* **Exercise aim**: Your answer must match, word for word, the lines from the one holding "this 1280×1378 image." through the final line below, with pictures excluded.

Records excerpted from a collection
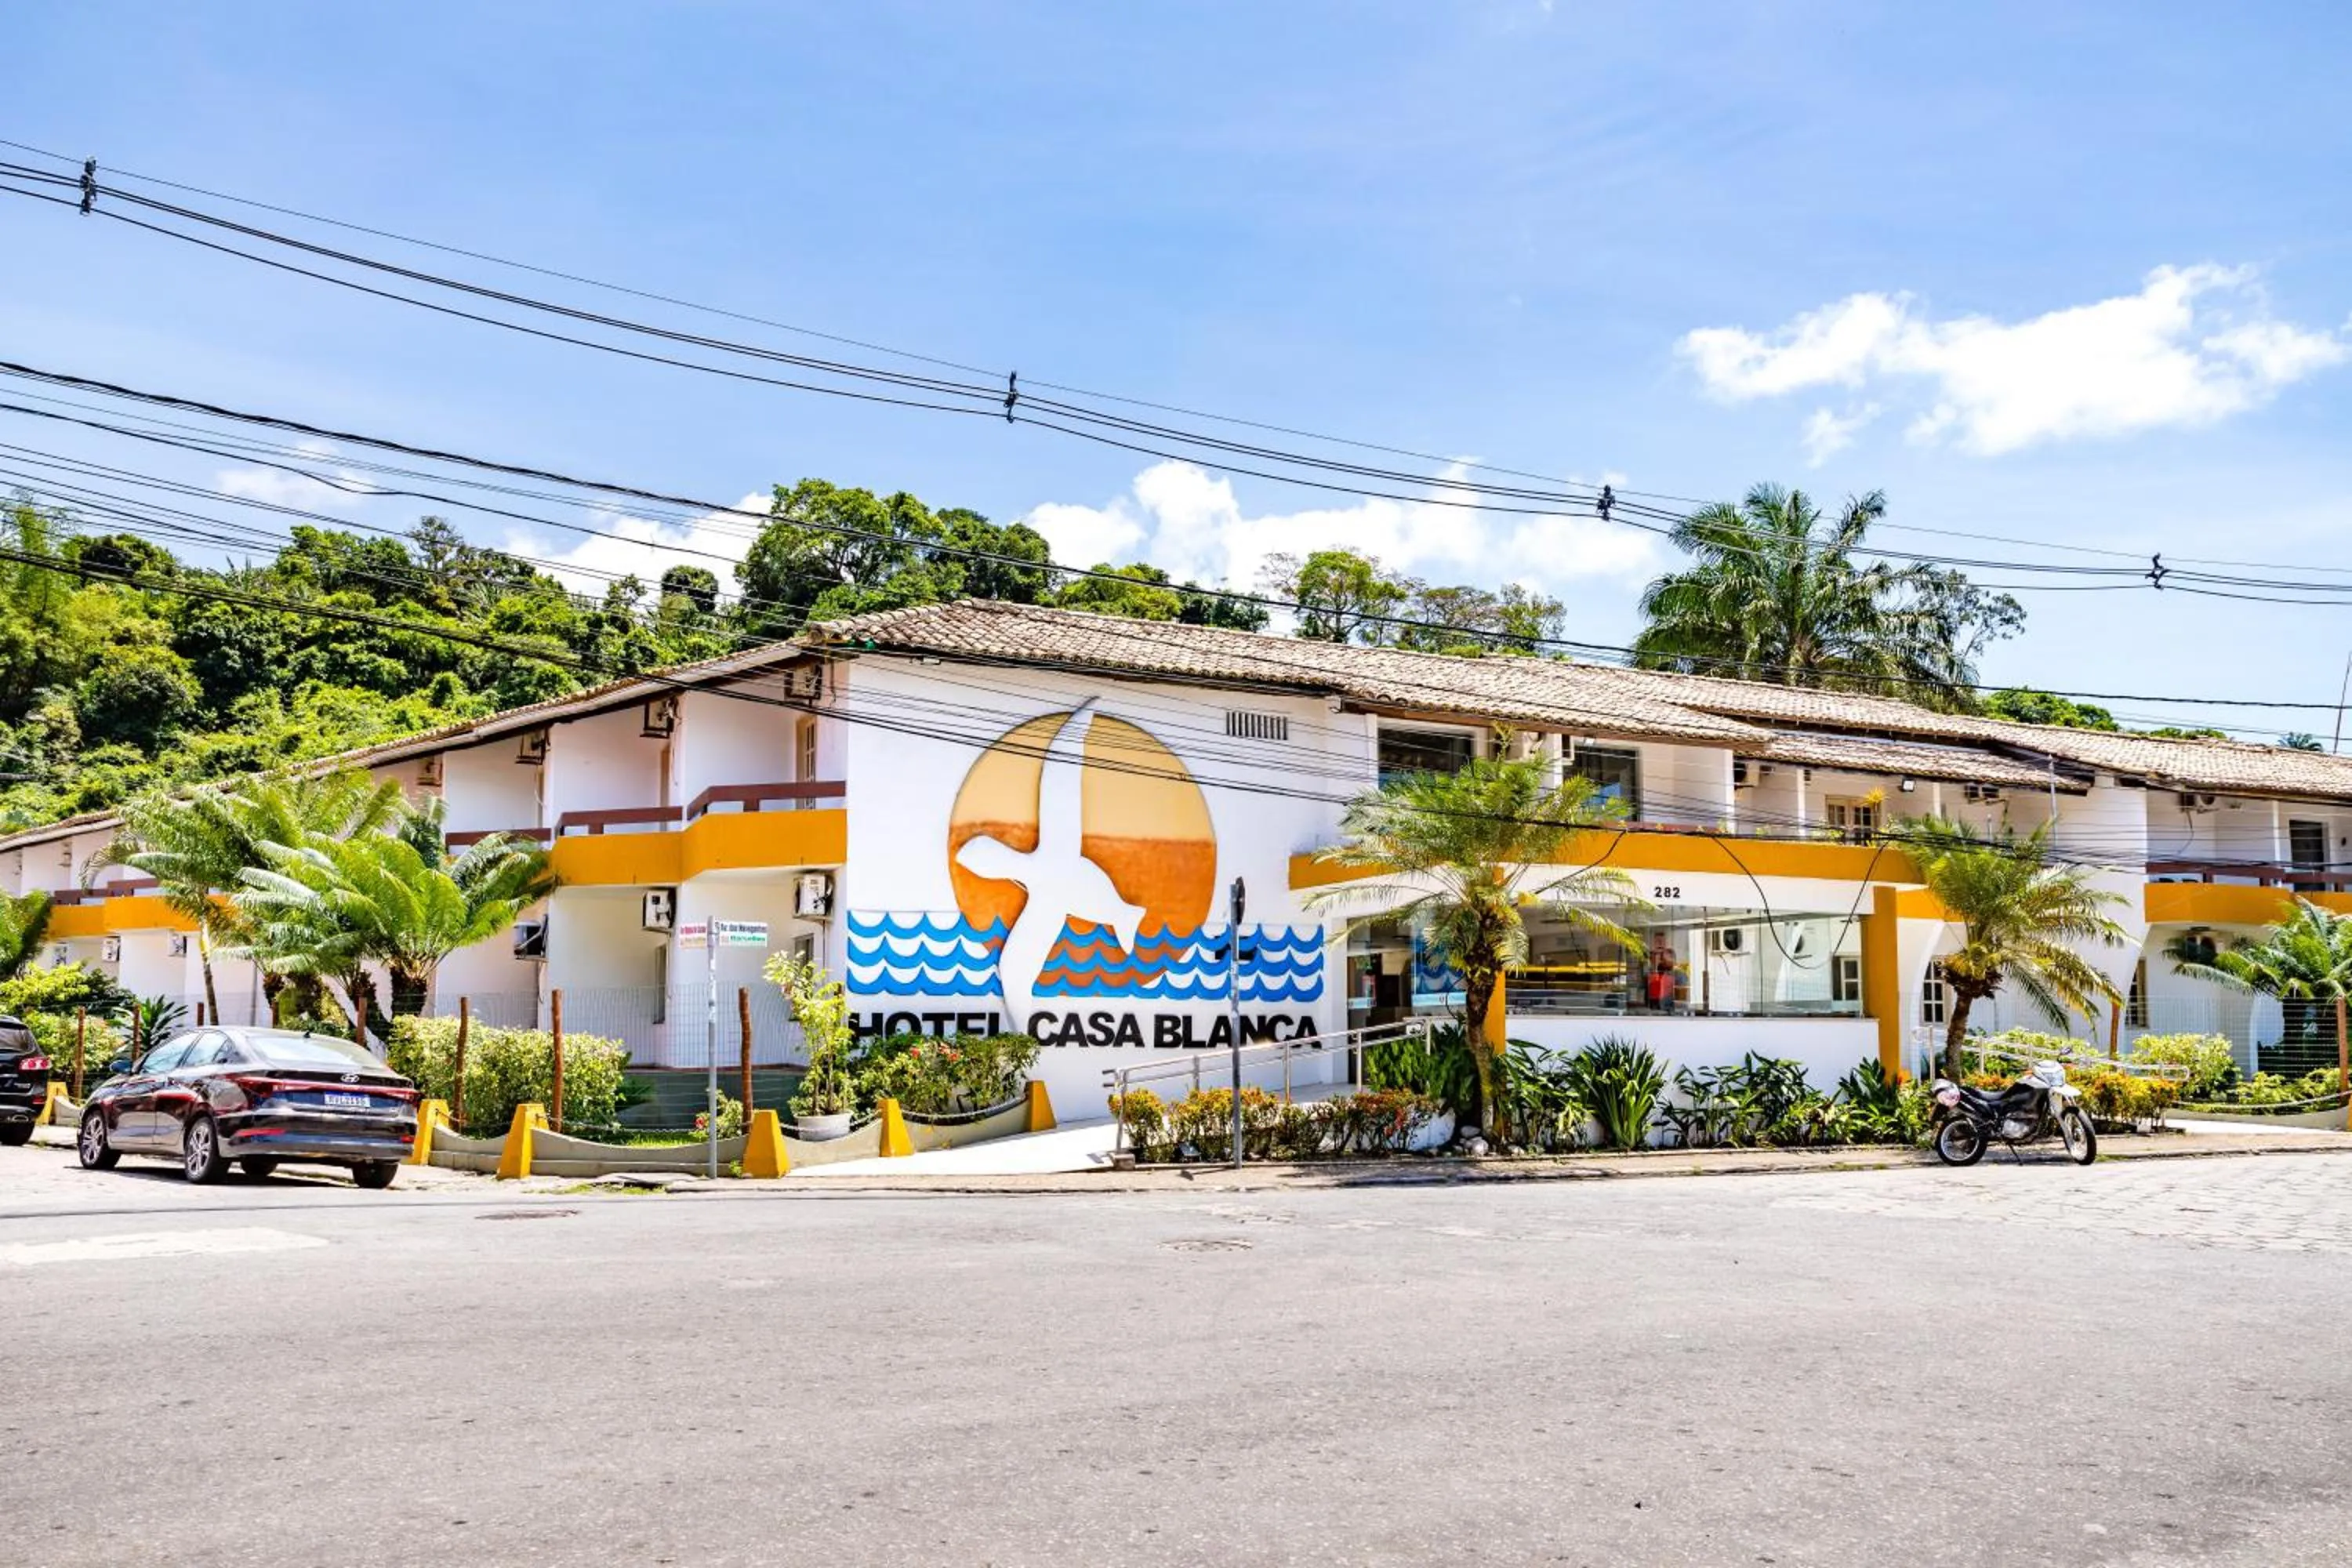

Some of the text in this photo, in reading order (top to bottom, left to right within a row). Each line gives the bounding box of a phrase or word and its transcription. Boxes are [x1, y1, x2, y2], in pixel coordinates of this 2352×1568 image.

[1654, 887, 1680, 898] 282
[1027, 1011, 1145, 1047] CASA
[1154, 1014, 1323, 1049] BLANCA
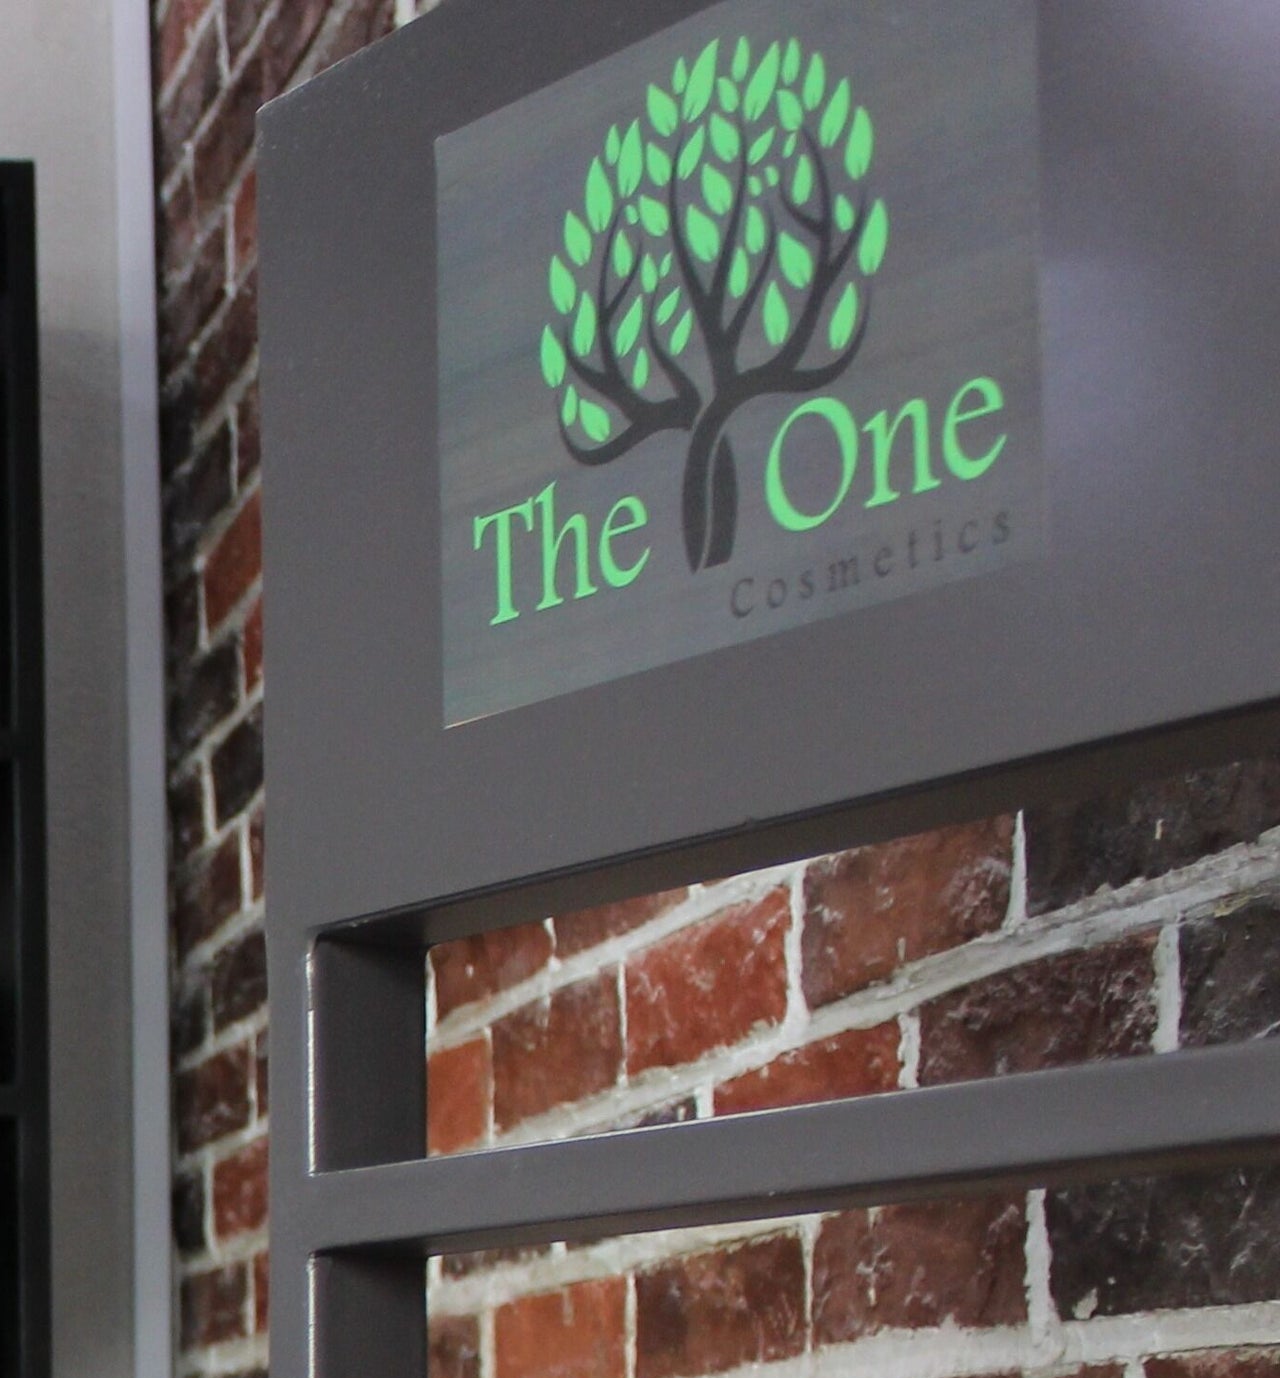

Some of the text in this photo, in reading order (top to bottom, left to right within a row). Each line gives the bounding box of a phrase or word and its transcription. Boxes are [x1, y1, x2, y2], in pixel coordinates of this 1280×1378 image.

[472, 376, 1008, 625] The One
[730, 510, 1011, 619] Cosmetics
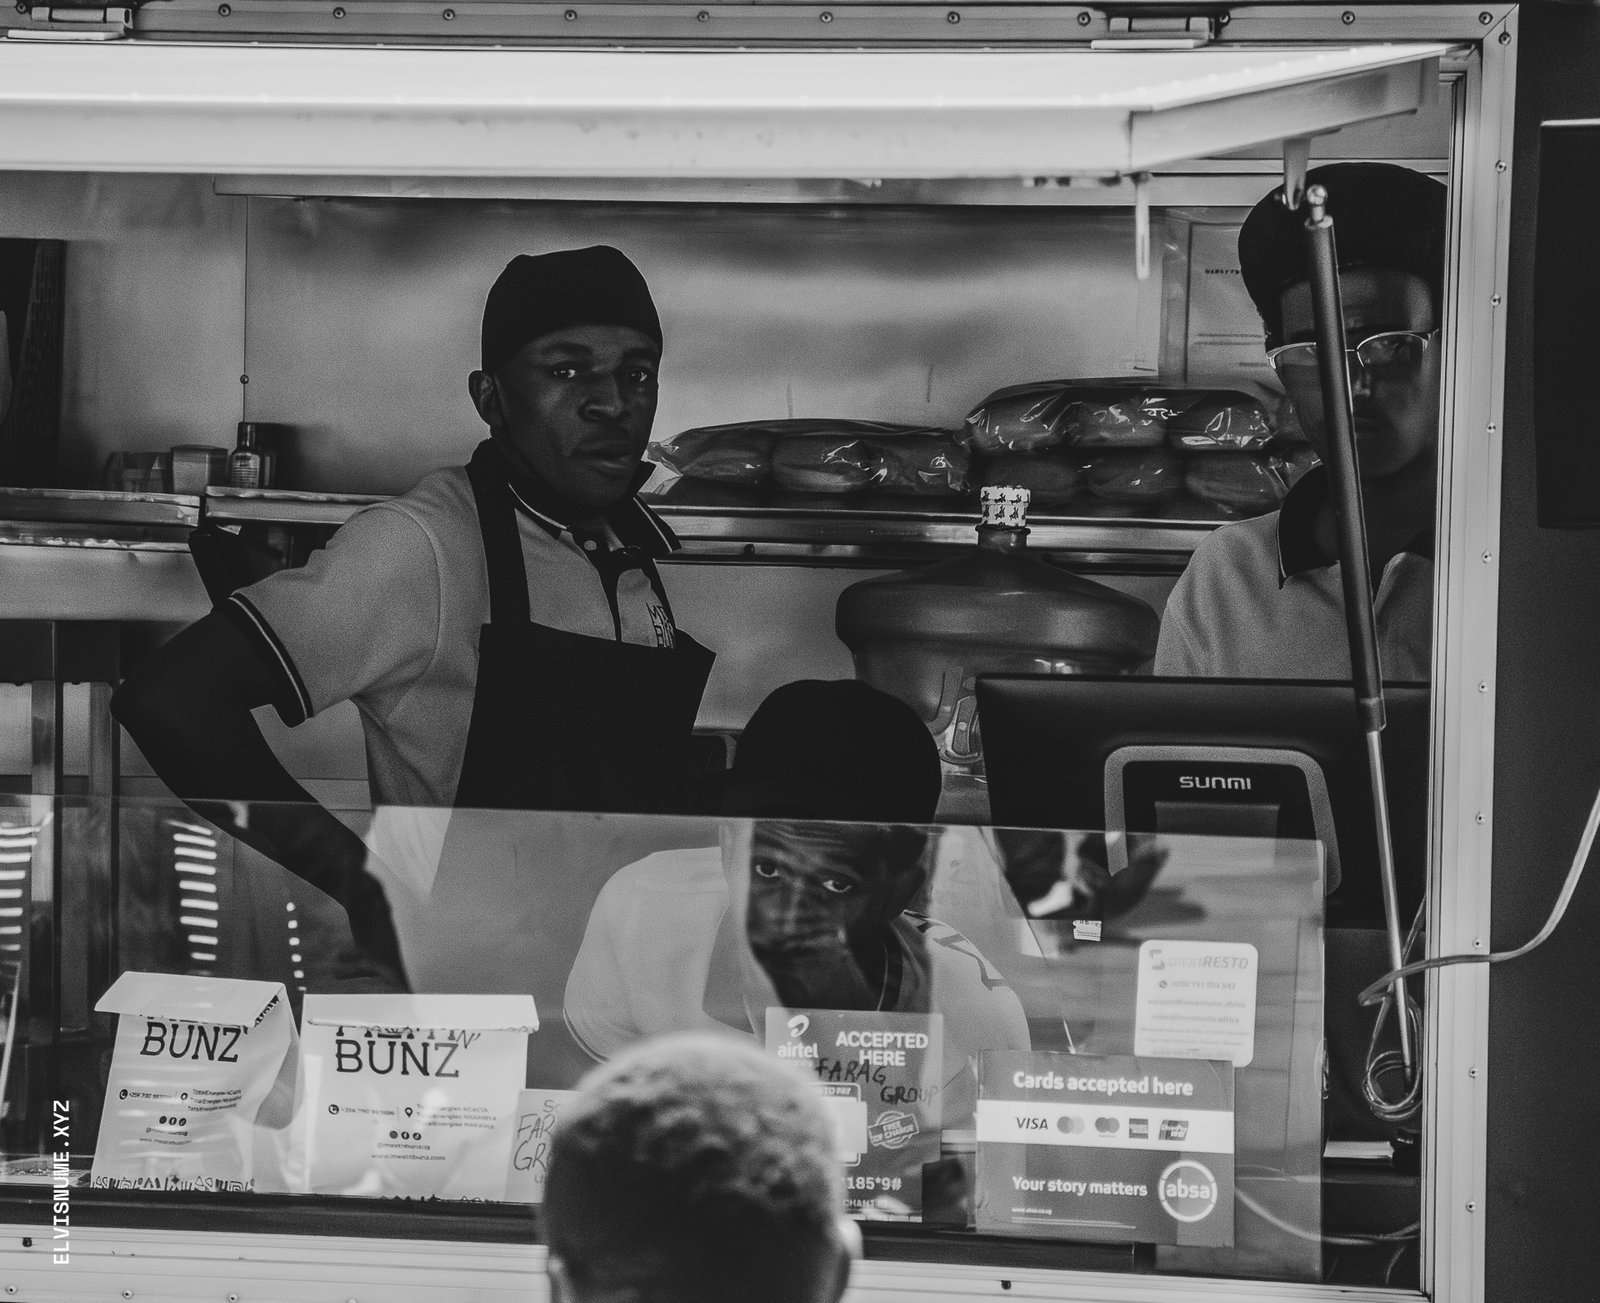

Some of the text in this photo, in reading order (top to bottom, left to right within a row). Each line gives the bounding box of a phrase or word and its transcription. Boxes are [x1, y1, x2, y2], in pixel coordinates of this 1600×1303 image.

* **Solution to the exercise**:
Some of the text in this photo, in reading order (top to bottom, left to right within a row). Each line gives the bounding box of a phrase or word and its transcription. Boxes are [x1, y1, x2, y2], in pixel coordinates of this 1280×1378 image.

[472, 376, 1008, 625] The One
[730, 510, 1011, 619] Cosmetics

Some of the text in this photo, in reading order (top to bottom, left to right within a row). Each line gives the bounding box of a phrase or word and its transcription. Boxes are [x1, y1, x2, y2], in pixel coordinates of this 1600×1303 image.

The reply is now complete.